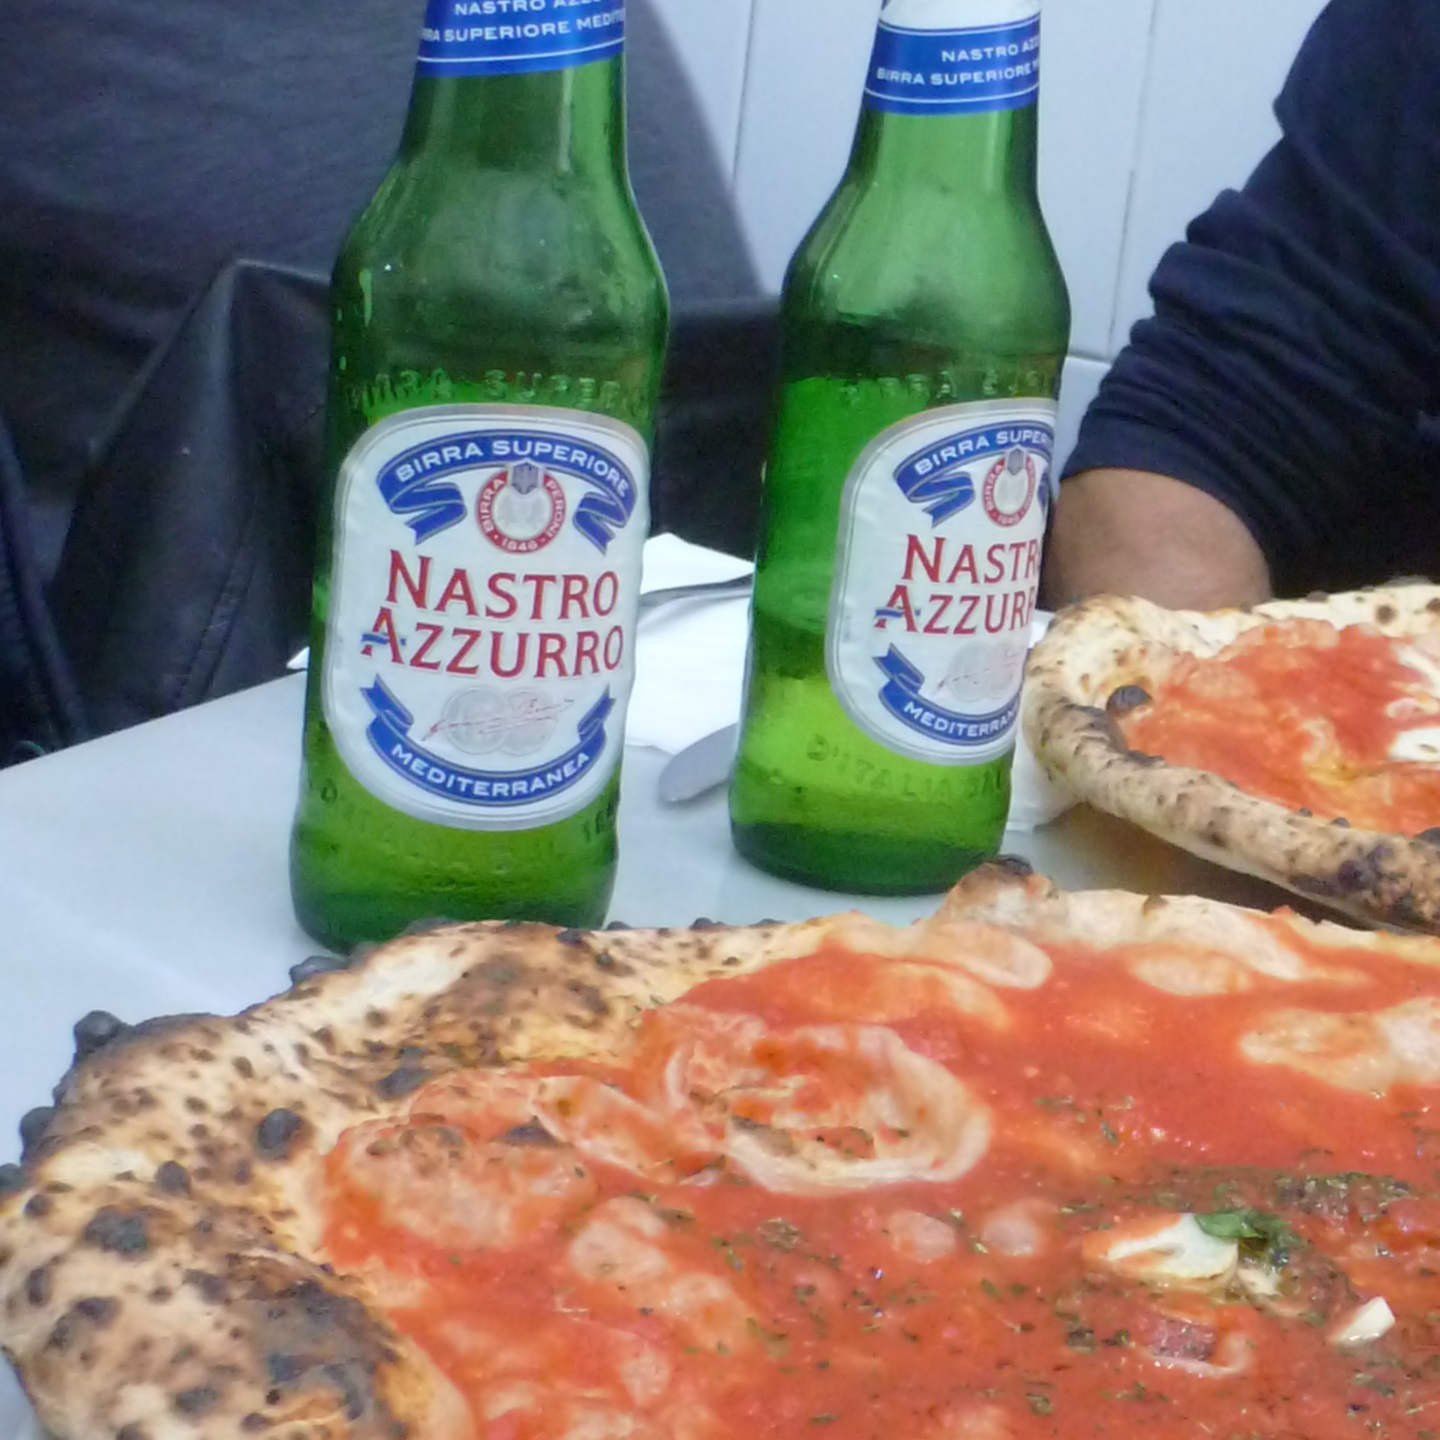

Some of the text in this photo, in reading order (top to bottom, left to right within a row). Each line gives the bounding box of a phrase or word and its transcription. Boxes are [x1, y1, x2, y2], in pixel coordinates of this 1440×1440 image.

[444, 21, 571, 43] SUPERIORE
[941, 44, 1018, 63] NASTRO
[876, 67, 925, 86] BIRRA
[930, 63, 1032, 87] SUPERIORE
[395, 439, 630, 498] BIRRA SUPERIORE
[914, 428, 1049, 477] BIRRA SUPER
[384, 548, 620, 620] NASTRO
[901, 533, 1040, 584] NASTR
[873, 584, 1036, 635] AZZUR
[360, 605, 625, 679] AZZURRO
[391, 743, 590, 798] MEDITERRANEA
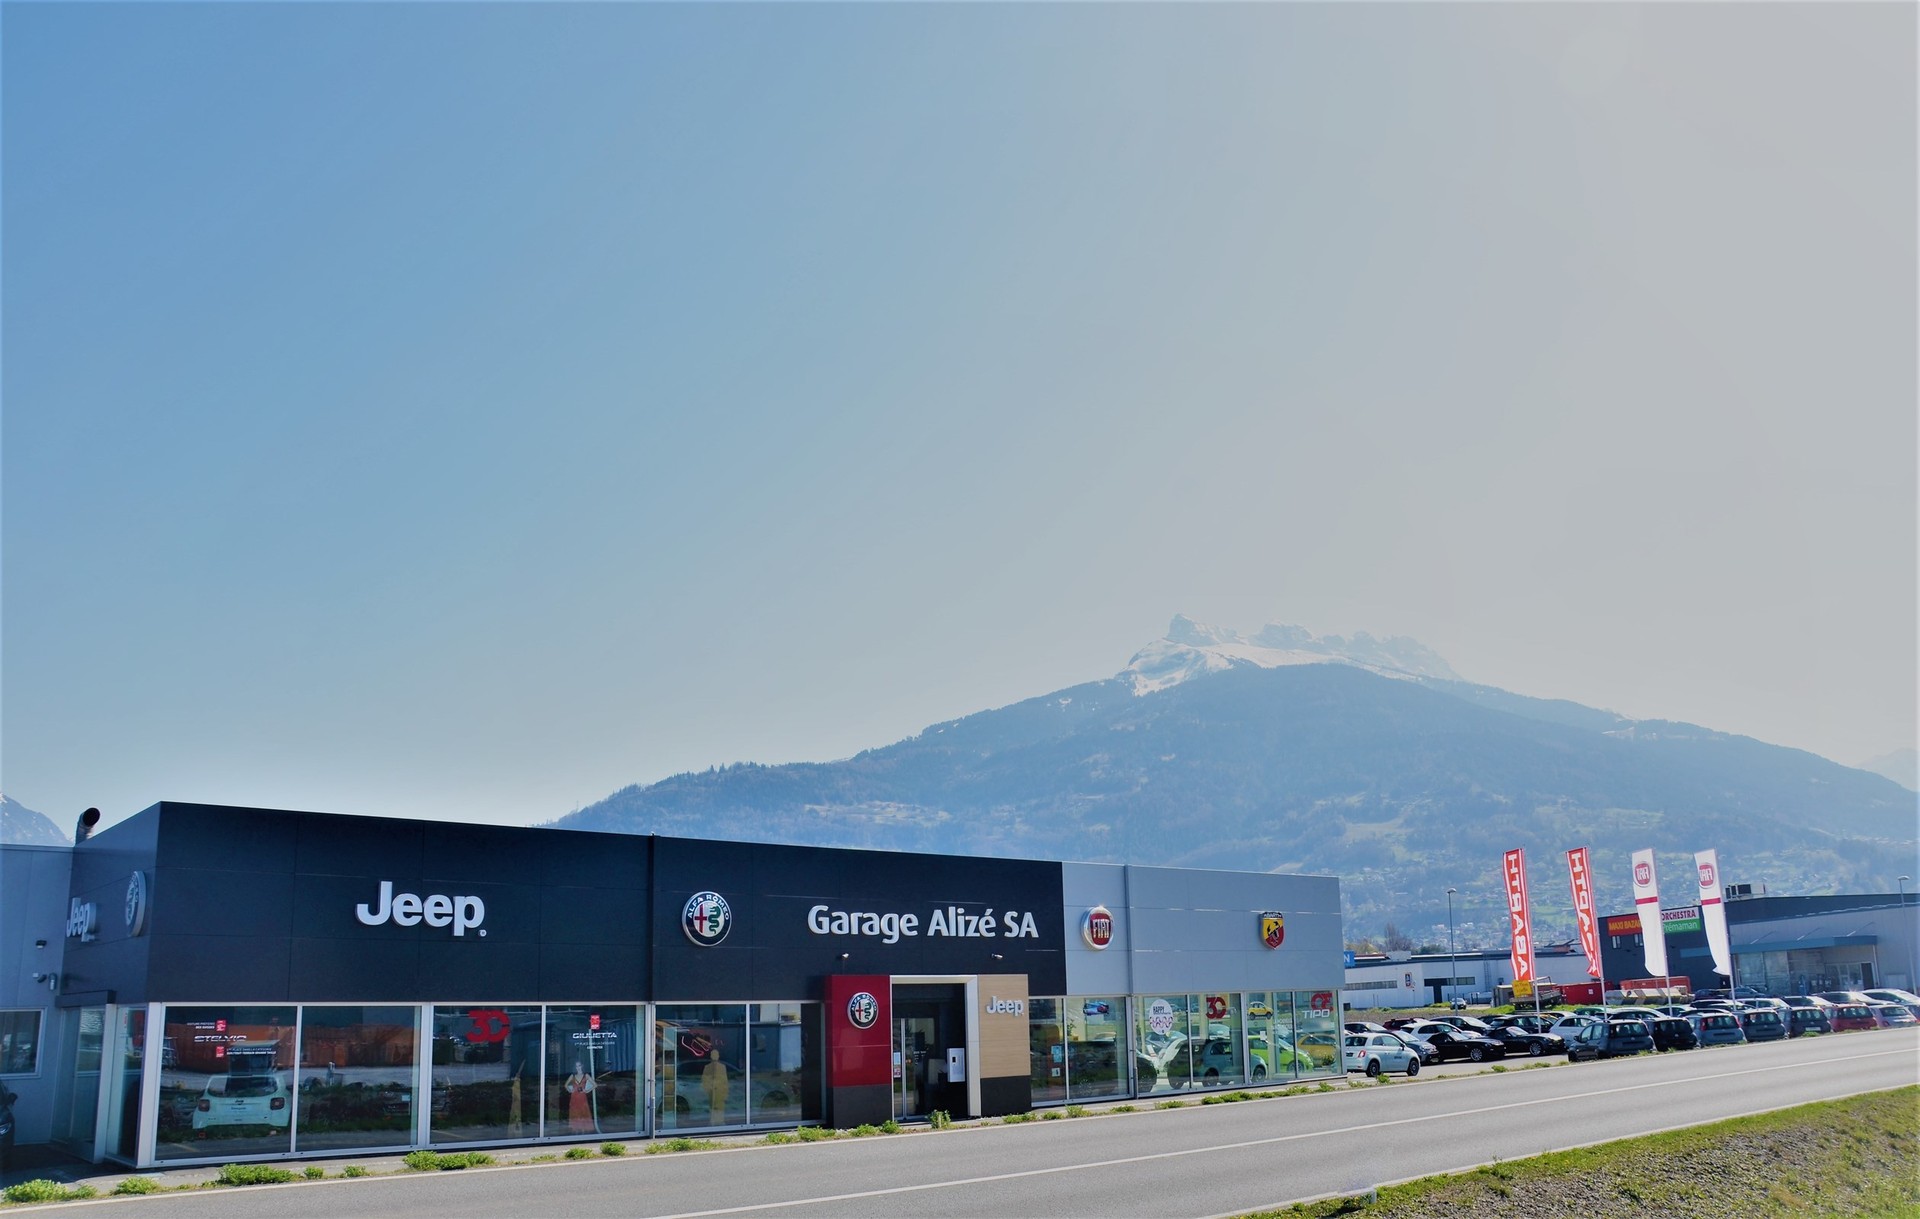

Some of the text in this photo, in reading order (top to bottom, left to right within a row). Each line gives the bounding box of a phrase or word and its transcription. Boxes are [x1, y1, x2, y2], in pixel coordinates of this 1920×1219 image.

[355, 880, 486, 937] Jeep
[687, 894, 730, 921] ALFA ROMEO
[1661, 909, 1696, 921] ORCHESTRA
[66, 897, 93, 943] Jeep
[807, 904, 1040, 944] Garage Alizé SA
[1092, 918, 1110, 939] FIAT
[986, 995, 1024, 1017] Jeep
[1302, 1009, 1330, 1019] TIPO

· · · · · · ·

- [To do]:
Apart from the images, print all the material above exactly as given.

- [Exercise solution]:
Some of the text in this photo, in reading order (top to bottom, left to right within a row). Each line gives the bounding box of a phrase or word and its transcription. Boxes are [x1, y1, x2, y2], in pixel coordinates of this 1440×1440 image.

[444, 21, 571, 43] SUPERIORE
[941, 44, 1018, 63] NASTRO
[876, 67, 925, 86] BIRRA
[930, 63, 1032, 87] SUPERIORE
[395, 439, 630, 498] BIRRA SUPERIORE
[914, 428, 1049, 477] BIRRA SUPER
[384, 548, 620, 620] NASTRO
[901, 533, 1040, 584] NASTR
[873, 584, 1036, 635] AZZUR
[360, 605, 625, 679] AZZURRO
[391, 743, 590, 798] MEDITERRANEA

Some of the text in this photo, in reading order (top to bottom, left to right within a row). Each line gives the bounding box of a phrase or word and its transcription. Boxes are [x1, y1, x2, y2], in pixel coordinates of this 1920×1219 image.

[355, 880, 486, 937] Jeep
[687, 894, 730, 921] ALFA ROMEO
[1661, 909, 1696, 921] ORCHESTRA
[66, 897, 93, 943] Jeep
[807, 904, 1040, 944] Garage Alizé SA
[1092, 918, 1110, 939] FIAT
[986, 995, 1024, 1017] Jeep
[1302, 1009, 1330, 1019] TIPO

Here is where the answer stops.